__What you will do__
Output, exactly and alone, the lines from the one containing "this 1732×1856 image." through the last line of the material below, both ends included.

________________

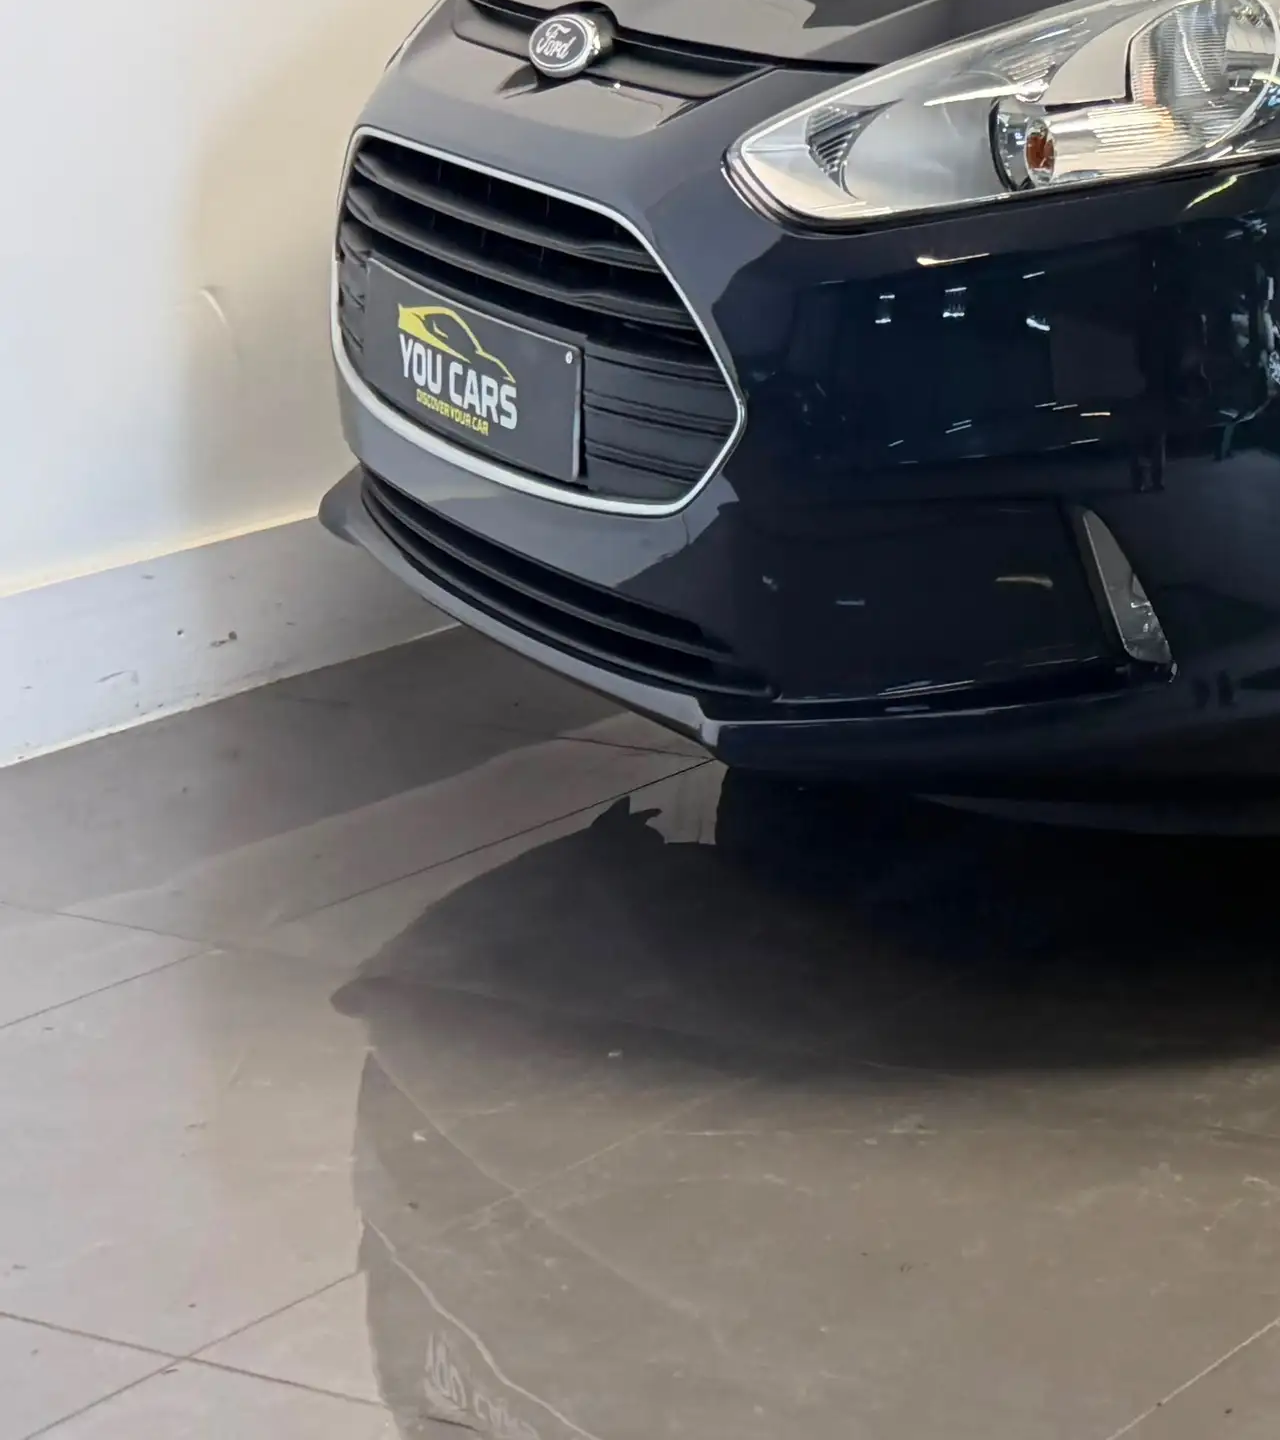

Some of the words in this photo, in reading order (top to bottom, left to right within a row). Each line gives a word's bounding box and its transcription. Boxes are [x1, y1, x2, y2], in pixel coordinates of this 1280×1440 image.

[536, 23, 577, 59] Ford
[400, 333, 442, 395] YOU
[449, 361, 518, 430] CARS
[416, 388, 450, 417] DISCOVER
[450, 408, 472, 428] YOUR
[472, 417, 489, 436] CAR
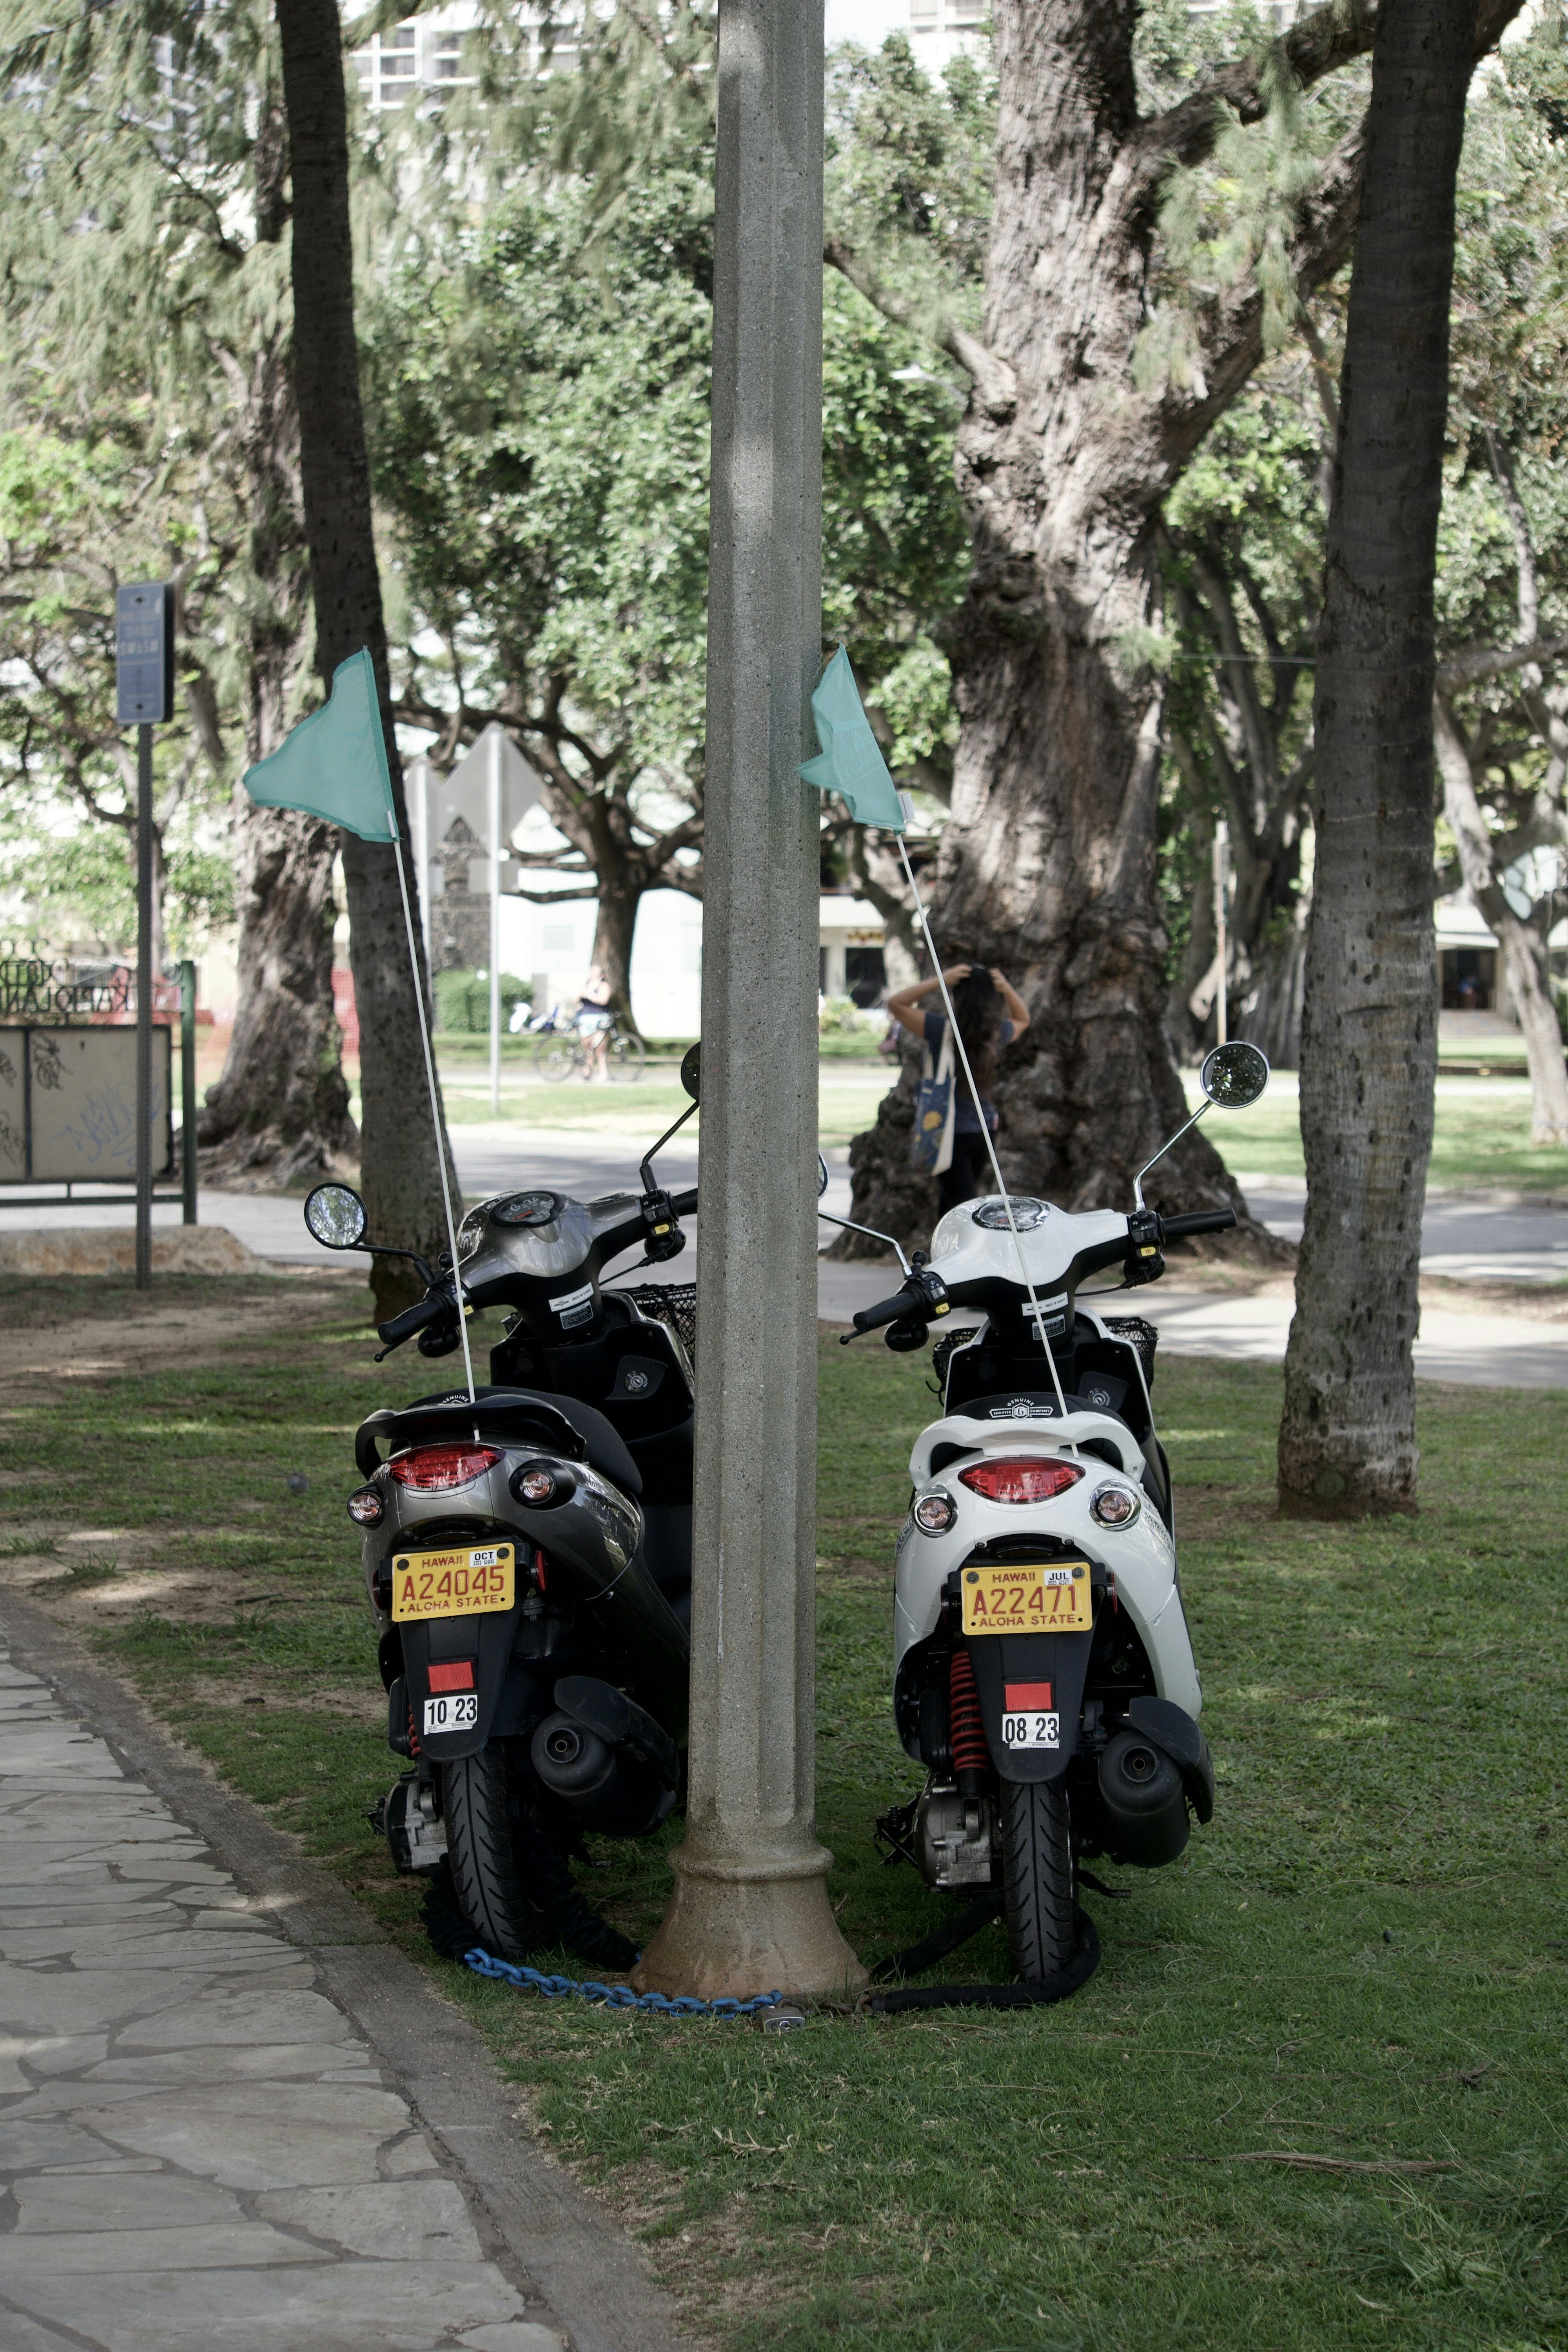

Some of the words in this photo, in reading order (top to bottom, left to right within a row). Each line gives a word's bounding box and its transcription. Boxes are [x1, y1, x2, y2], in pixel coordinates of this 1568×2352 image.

[442, 1395, 469, 1404] GENUINE
[1007, 1398, 1034, 1406] GENUINE
[422, 1555, 464, 1568] HAWAII
[474, 1551, 494, 1561] OCT
[402, 1566, 505, 1602] A24045
[993, 1572, 1036, 1583] HAWAII
[408, 1600, 450, 1613] ALOHA
[457, 1595, 498, 1608] STATE
[973, 1585, 1076, 1616] A22471
[980, 1617, 1025, 1627] ALOHA
[1031, 1614, 1075, 1625] STATE
[428, 1700, 447, 1725] 10
[456, 1697, 477, 1722] 23
[1005, 1718, 1027, 1742] 08
[1036, 1717, 1058, 1741] 23
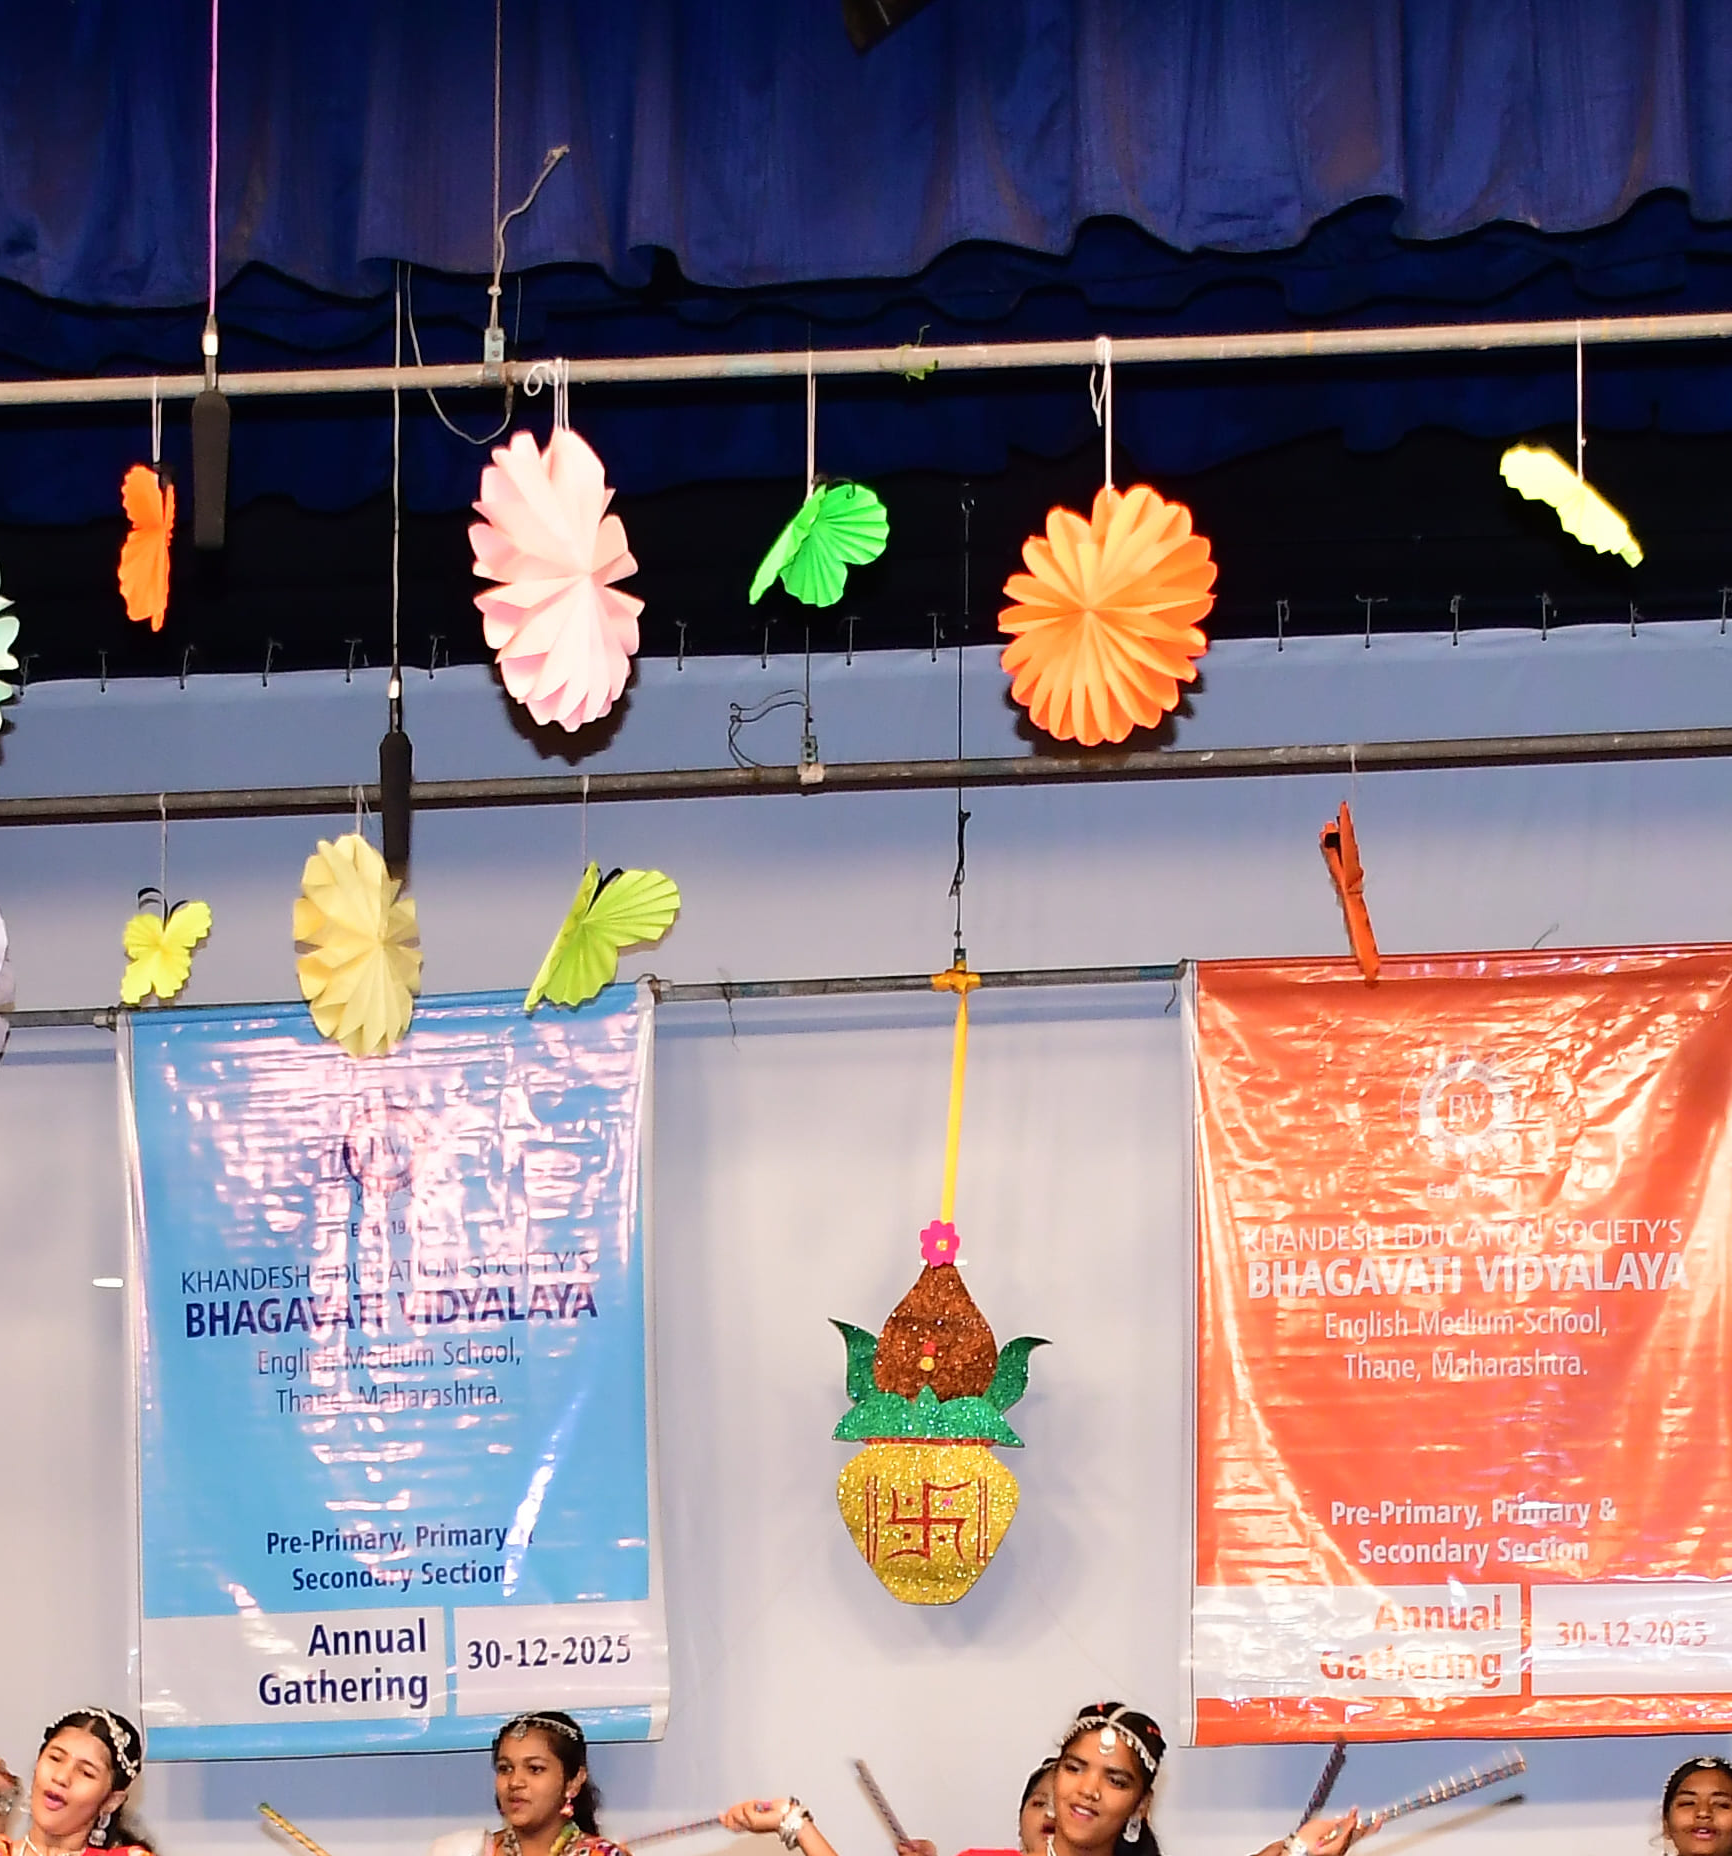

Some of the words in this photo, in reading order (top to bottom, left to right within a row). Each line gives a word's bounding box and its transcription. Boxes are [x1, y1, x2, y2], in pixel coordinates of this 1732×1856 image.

[1245, 1225, 1384, 1252] KHANDESH
[182, 1266, 310, 1294] KHANDESH
[1248, 1256, 1461, 1299] BHAGAVATI
[1476, 1252, 1690, 1292] VIDYALAYA
[186, 1294, 383, 1338] BHAGAVATI
[397, 1284, 598, 1324] VIDYALAYA
[1326, 1310, 1408, 1345] English
[1418, 1307, 1514, 1336] Medium
[1524, 1306, 1607, 1337] School,
[443, 1337, 521, 1366] School,
[1344, 1351, 1421, 1382] Thane,
[1432, 1348, 1589, 1379] Maharashtra.
[358, 1381, 504, 1408] Maharashtra.
[1331, 1499, 1483, 1529] Pre-Primary,
[1599, 1498, 1616, 1521] &
[267, 1528, 406, 1554] Pre-Primary,
[416, 1525, 507, 1550] Primary
[1359, 1537, 1489, 1568] Secondary
[1497, 1536, 1588, 1562] Section
[293, 1564, 413, 1592] Secondary
[421, 1560, 505, 1585] Section
[1374, 1594, 1501, 1632] Annual
[308, 1618, 426, 1656] Annual
[467, 1634, 631, 1670] 30-12-2025
[259, 1667, 428, 1709] Gathering

________________

__Response__
Some of the words in this photo, in reading order (top to bottom, left to right within a row). Each line gives a word's bounding box and its transcription. Boxes are [x1, y1, x2, y2], in pixel coordinates of this 1732×1856 image.

[1245, 1225, 1384, 1252] KHANDESH
[182, 1266, 310, 1294] KHANDESH
[1248, 1256, 1461, 1299] BHAGAVATI
[1476, 1252, 1690, 1292] VIDYALAYA
[186, 1294, 383, 1338] BHAGAVATI
[397, 1284, 598, 1324] VIDYALAYA
[1326, 1310, 1408, 1345] English
[1418, 1307, 1514, 1336] Medium
[1524, 1306, 1607, 1337] School,
[443, 1337, 521, 1366] School,
[1344, 1351, 1421, 1382] Thane,
[1432, 1348, 1589, 1379] Maharashtra.
[358, 1381, 504, 1408] Maharashtra.
[1331, 1499, 1483, 1529] Pre-Primary,
[1599, 1498, 1616, 1521] &
[267, 1528, 406, 1554] Pre-Primary,
[416, 1525, 507, 1550] Primary
[1359, 1537, 1489, 1568] Secondary
[1497, 1536, 1588, 1562] Section
[293, 1564, 413, 1592] Secondary
[421, 1560, 505, 1585] Section
[1374, 1594, 1501, 1632] Annual
[308, 1618, 426, 1656] Annual
[467, 1634, 631, 1670] 30-12-2025
[259, 1667, 428, 1709] Gathering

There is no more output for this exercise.